We all love trees until they fall on a house, car or, God forbid, a person.
This summer’s particularly volatile storm season has laid bare the dark side of living in the bush capital – that every now and then you will not only hear a tree fall in the forest but you might actually be clobbered by one.
In fact, you could call it the ‘summer of the chainsaw’ as State Emergency Service crews answered hundreds of calls.
It has prompted a squall of comments about the usual but by no means only culprit, the eucalypt, which are referred to by some as ‘widow makers’.
But as they make up 60 per cent of the urban forest, it’s probably no surprise that they are the most common tree to be blown over or to lose a branch in a storm, especially if it has been a rainy season or soils are compacted.
It’s been a tough couple of seasons for our City Services (TCCS) agency as it throws all it has and more at the relentless grass threatening to envelop whole suburbs and frantically plants more trees to regenerate the ageing urban forest.
Now it has got some free advice from the ACT Civil and Administrative Tribunal, which dismissed a compensation claim from a motorist whose car crumpled in the face of a flying branch from a large mature tree that has called city car park home for many years.
TCCS may have got off scot-free when it came to paying for any damages, but ACAT said it should be doing more to inspect older trees in high-traffic areas such as car parks to prevent falling limbs making a mess of someone’s car or worse.
Indeed it raised the spectre of a person being injured, finding that the risk was significant.

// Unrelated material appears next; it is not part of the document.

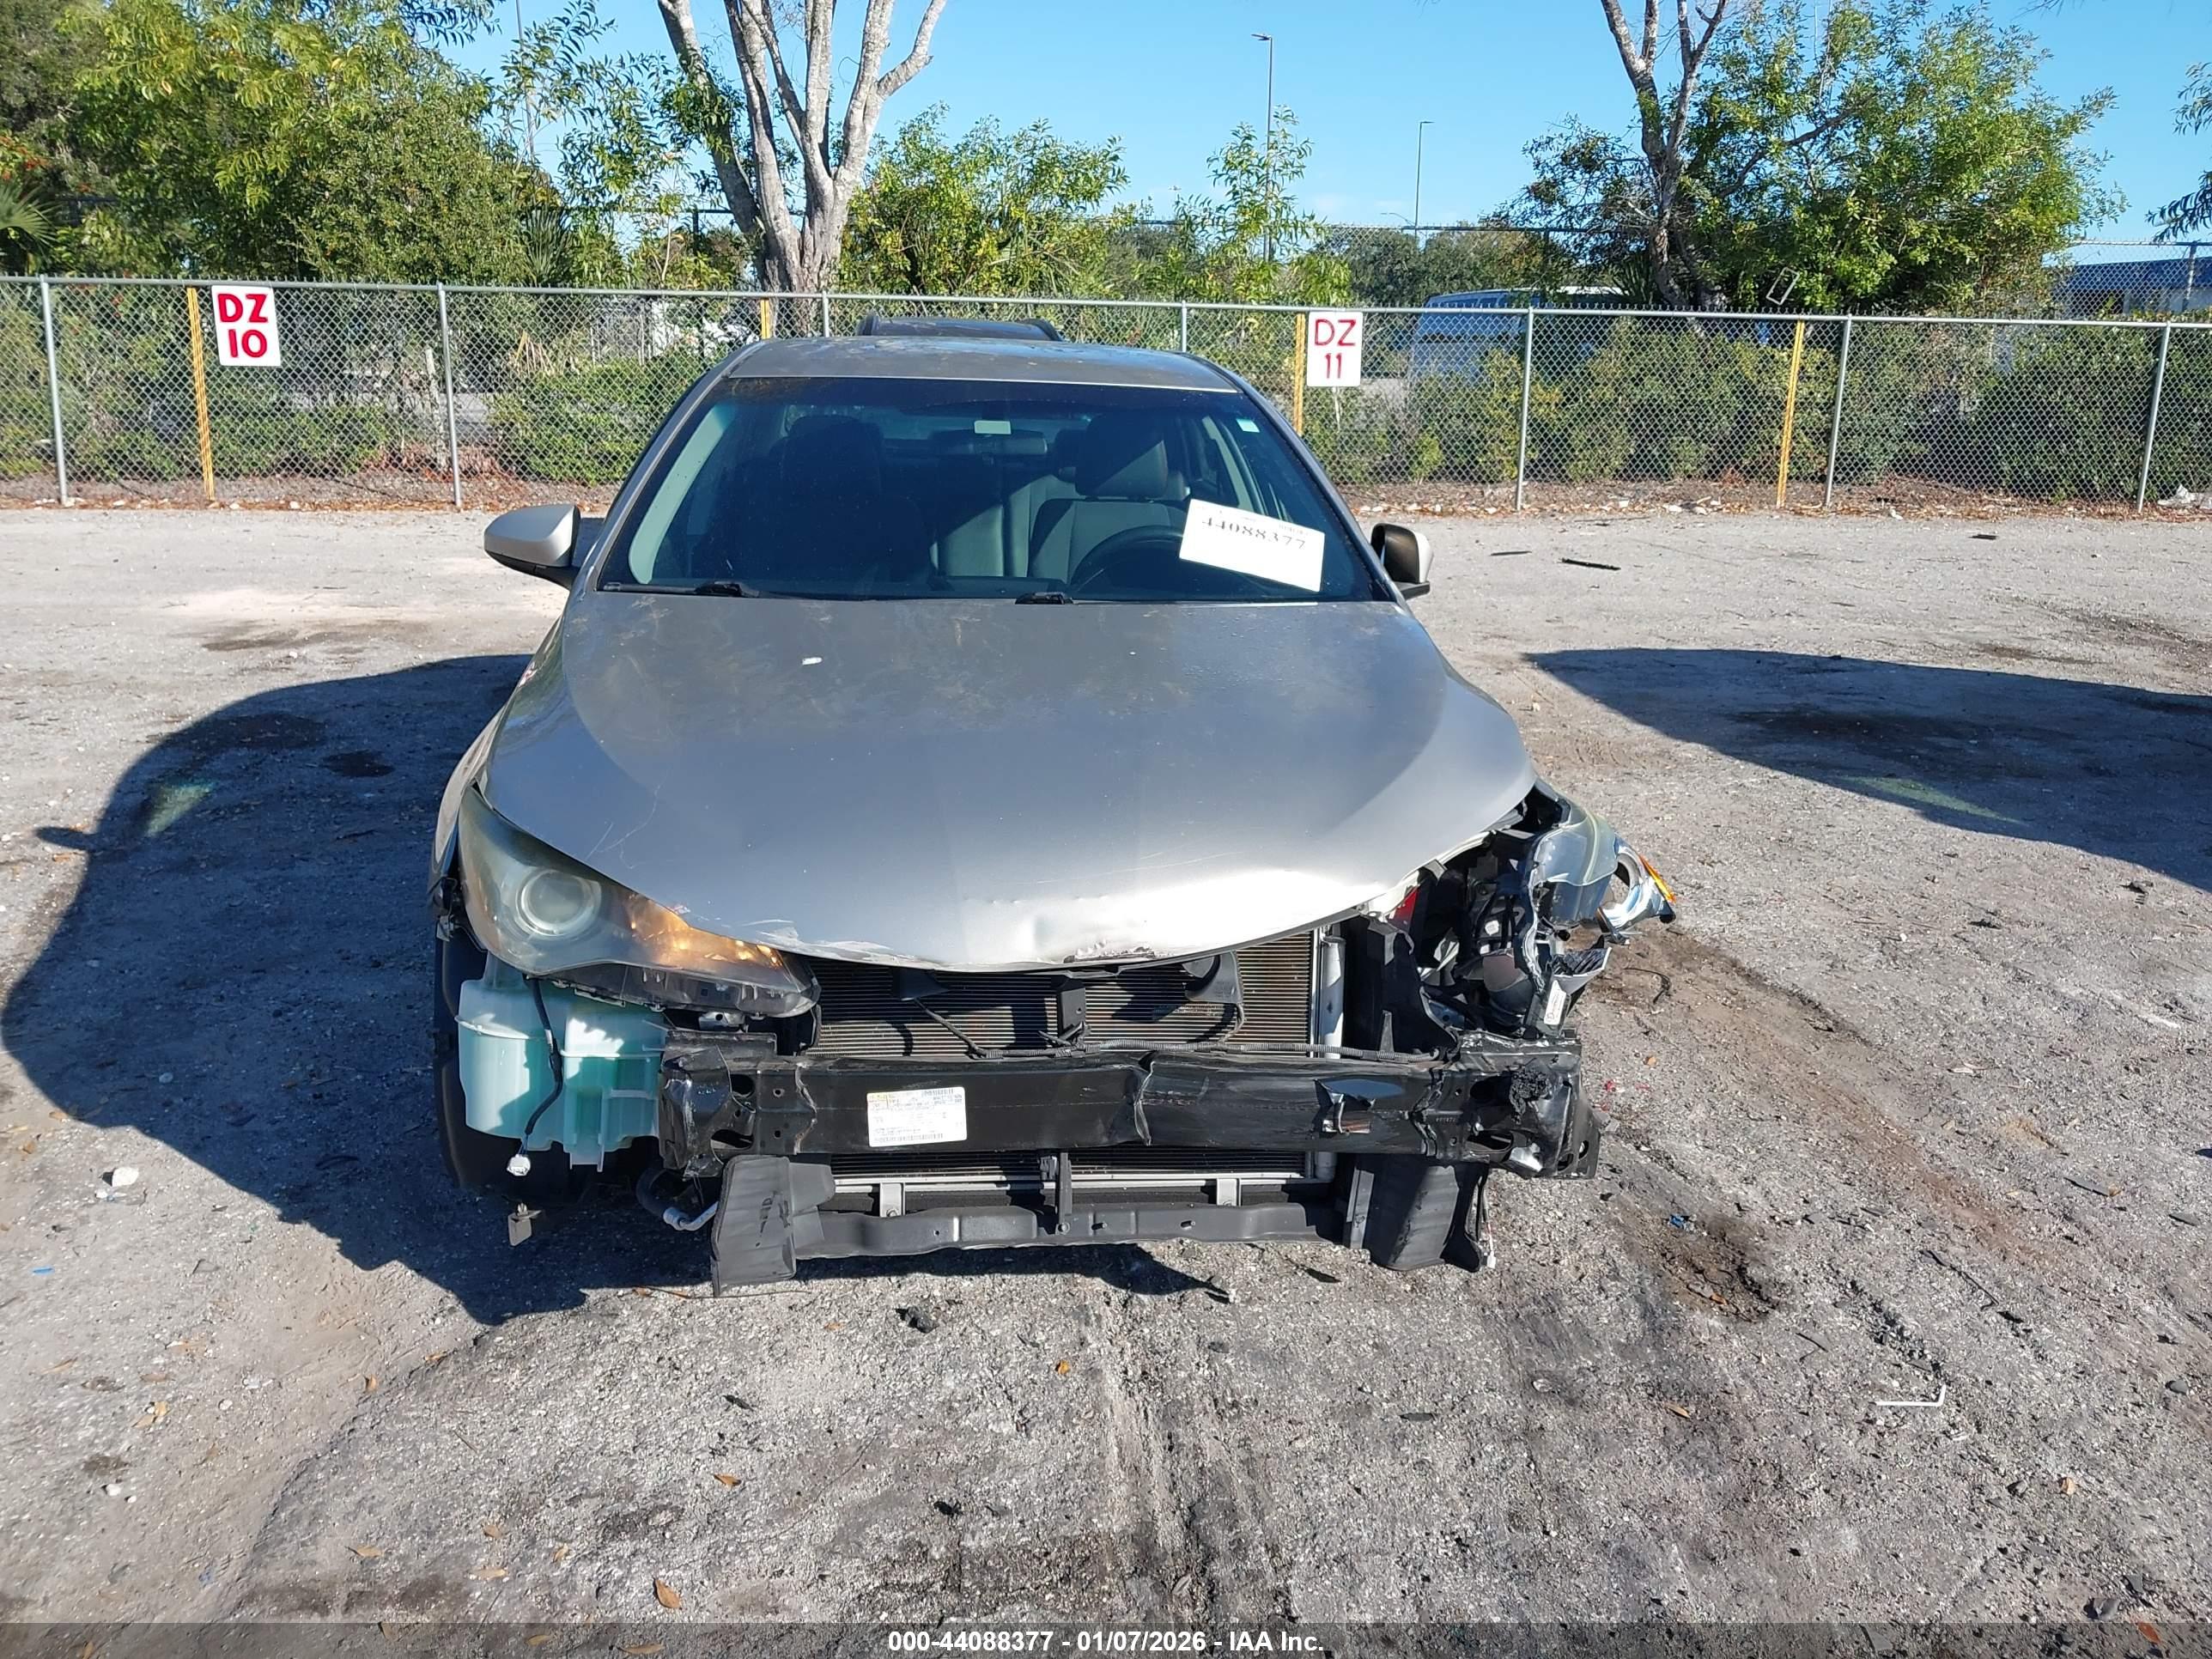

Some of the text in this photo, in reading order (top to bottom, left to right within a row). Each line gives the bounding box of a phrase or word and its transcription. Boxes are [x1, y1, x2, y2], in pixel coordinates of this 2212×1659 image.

If the applicant had found an expert to challenge the TCCS’s expert witness, one of its arborists, who told ACAT the fallen branch could not have been reasonably foreseen, the outcome may have been different.
TCCS said it couldn’t possibly inspect every one of the 760,000 trees in its charge, and ACAT agreed, but in well-worn areas, it was a risk it needed to manage.
That is something it should take on board if it wishes to avoid a damages claim next time, especially if the applicant is more tenacious and resourced.
It’s also good advice for property owners who may worry about those great old trees in and around their yards and think the only solution is to take them down.
The ACT Government’s approach to tree management is a conservative one, in that removal is not a first option.
That is a good thing, but TCCS and householders can do their bit to help avoid damage and injury by deploying arborists to identify what attention a tree might need to avoid damage or injury.
Where new trees are planted and selecting appropriate species will also help.
But the only way to avoid any tree from dropping a branch or falling is to not have trees, and that is just not an option, especially when their value, beyond aesthetics and as habitat for birds and animals, will only increase in a warming climate.
Canberra without its urban forest and great trees would be so much the poorer. All we can do is manage the risk the best we can.